[Collection entries]
= = = =

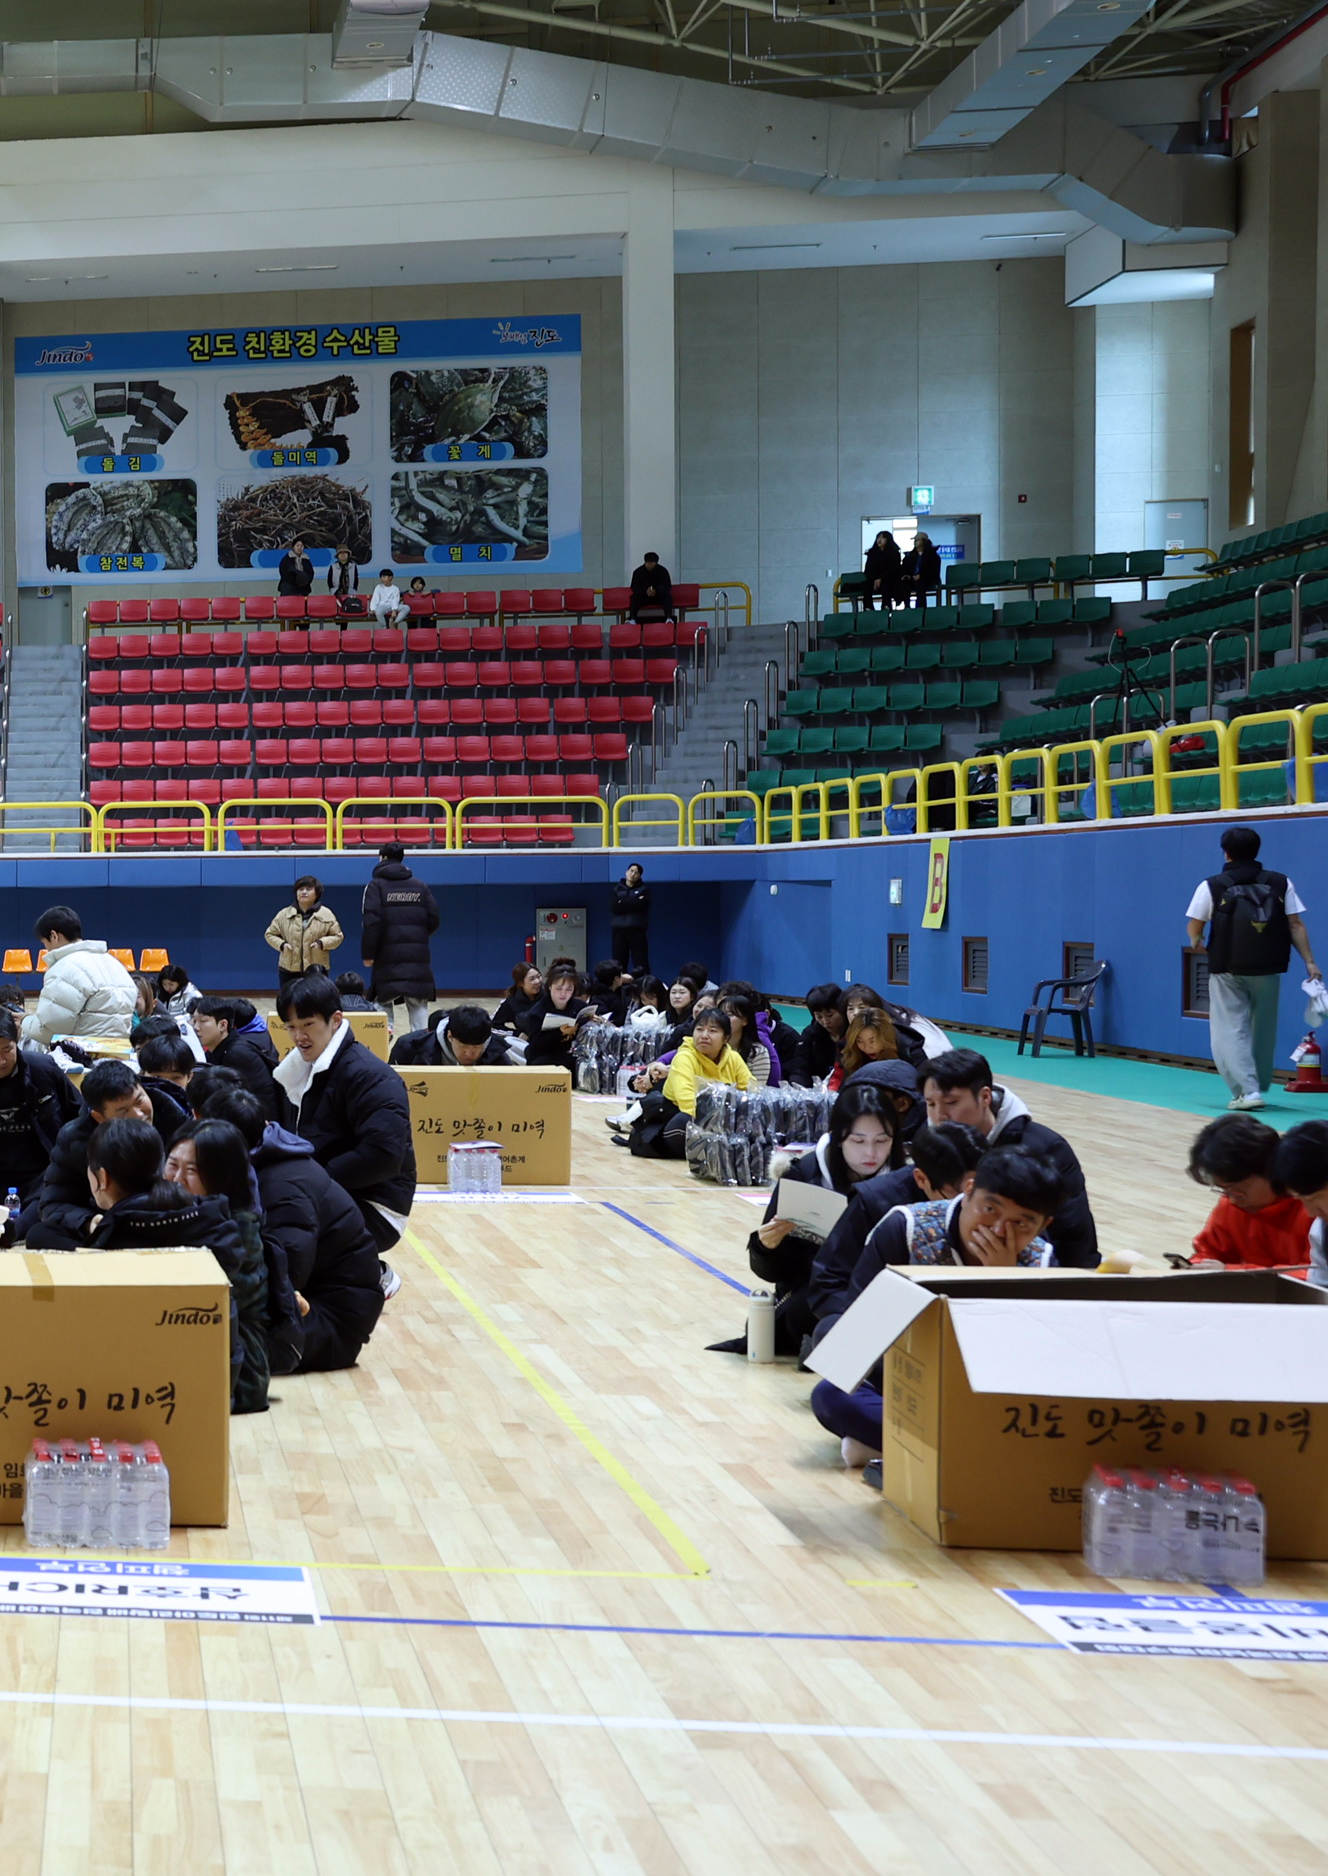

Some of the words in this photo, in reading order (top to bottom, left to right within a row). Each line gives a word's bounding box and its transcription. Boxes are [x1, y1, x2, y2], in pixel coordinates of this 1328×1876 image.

[188, 334, 238, 362] 진도
[243, 329, 317, 359] 친환경
[322, 327, 399, 356] 수산물
[528, 327, 562, 348] 진도
[35, 346, 87, 366] Jindo
[272, 450, 317, 466] 돌미역
[447, 445, 491, 460] 꽃게
[101, 457, 141, 472] 돌김
[98, 554, 146, 571] 참전복
[449, 545, 492, 561] 멸치
[930, 853, 944, 914] B
[535, 1084, 561, 1094] Jindo
[417, 1118, 445, 1134] 진도
[511, 1119, 545, 1139] 미역
[150, 1218, 178, 1227] NORTH
[155, 1307, 212, 1327] Jindo
[107, 1381, 177, 1425] 미역
[1002, 1403, 1066, 1439] 진도
[1229, 1406, 1313, 1454] 미역
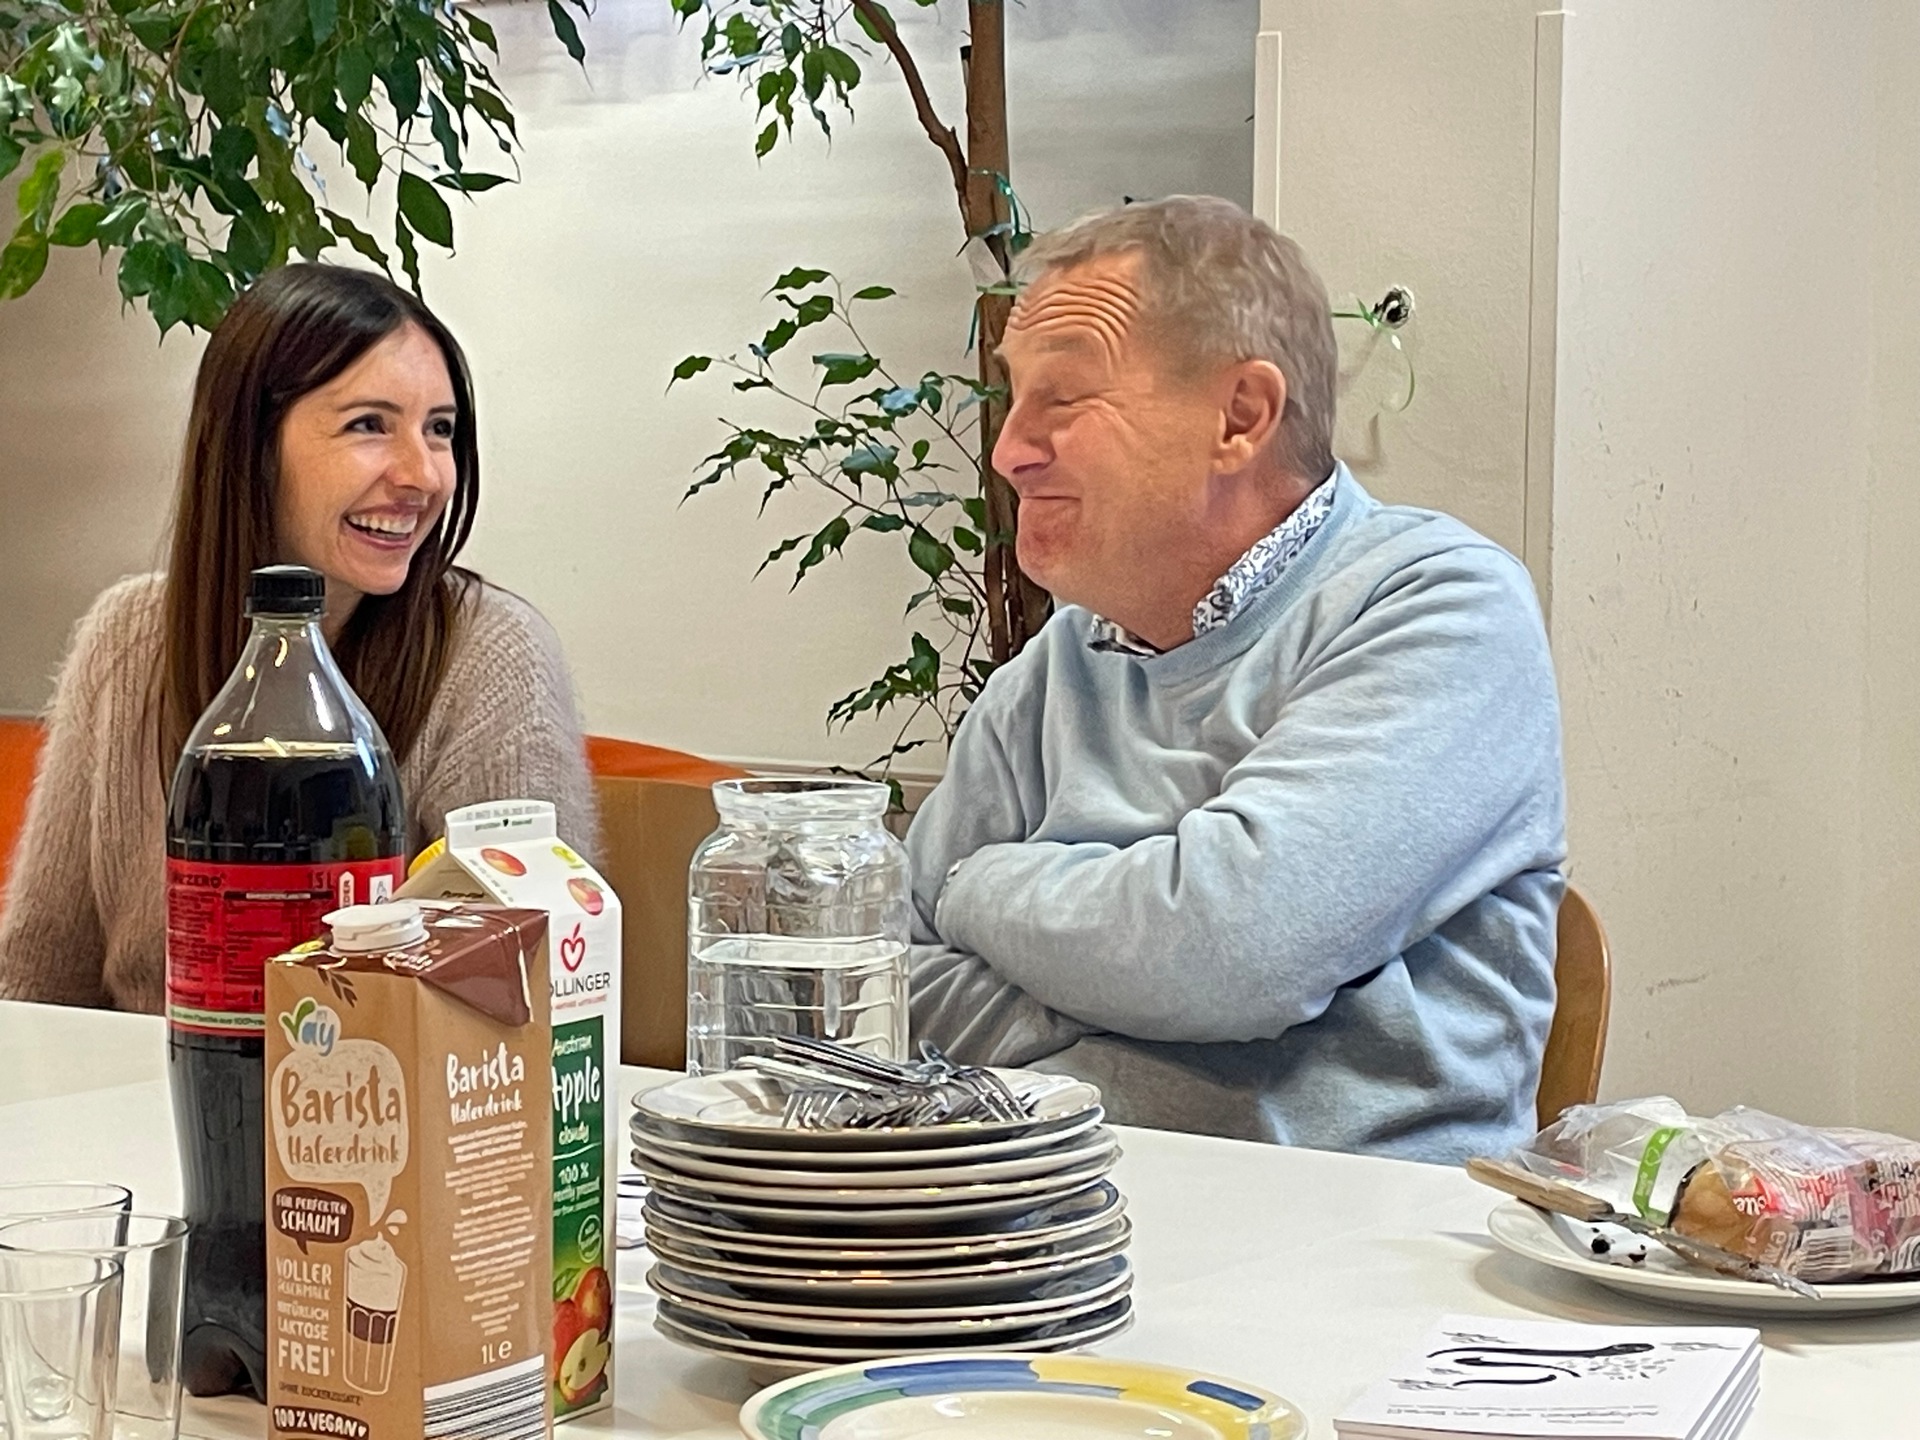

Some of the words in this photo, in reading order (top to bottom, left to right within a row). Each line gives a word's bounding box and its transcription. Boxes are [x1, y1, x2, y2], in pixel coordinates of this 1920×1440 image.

[447, 1042, 525, 1099] Barista
[281, 1065, 400, 1129] Barista
[451, 1089, 523, 1126] Haferdrink
[288, 1133, 400, 1166] Haferdrink
[281, 1209, 340, 1237] SCHAUM
[276, 1257, 332, 1286] VOLLER
[278, 1319, 330, 1342] LAKTOSE
[308, 1412, 358, 1438] VEGAN

= = = =

EXERCISE AIM —
A faithful copy of every record is needed here. Leave the images out of it.

SOLUTION TO THIS TASK —
Some of the words in this photo, in reading order (top to bottom, left to right within a row). Each line gives a word's bounding box and its transcription. Boxes are [x1, y1, x2, y2], in pixel coordinates of this 1328×1876 image.

[188, 334, 238, 362] 진도
[243, 329, 317, 359] 친환경
[322, 327, 399, 356] 수산물
[528, 327, 562, 348] 진도
[35, 346, 87, 366] Jindo
[272, 450, 317, 466] 돌미역
[447, 445, 491, 460] 꽃게
[101, 457, 141, 472] 돌김
[98, 554, 146, 571] 참전복
[449, 545, 492, 561] 멸치
[930, 853, 944, 914] B
[535, 1084, 561, 1094] Jindo
[417, 1118, 445, 1134] 진도
[511, 1119, 545, 1139] 미역
[150, 1218, 178, 1227] NORTH
[155, 1307, 212, 1327] Jindo
[107, 1381, 177, 1425] 미역
[1002, 1403, 1066, 1439] 진도
[1229, 1406, 1313, 1454] 미역

Some of the words in this photo, in reading order (top to bottom, left to right within a row). Each line gives a word's bounding box and its transcription. Boxes are [x1, y1, x2, y2], in pixel coordinates of this 1920×1440 image.

[447, 1042, 525, 1099] Barista
[281, 1065, 400, 1129] Barista
[451, 1089, 523, 1126] Haferdrink
[288, 1133, 400, 1166] Haferdrink
[281, 1209, 340, 1237] SCHAUM
[276, 1257, 332, 1286] VOLLER
[278, 1319, 330, 1342] LAKTOSE
[308, 1412, 358, 1438] VEGAN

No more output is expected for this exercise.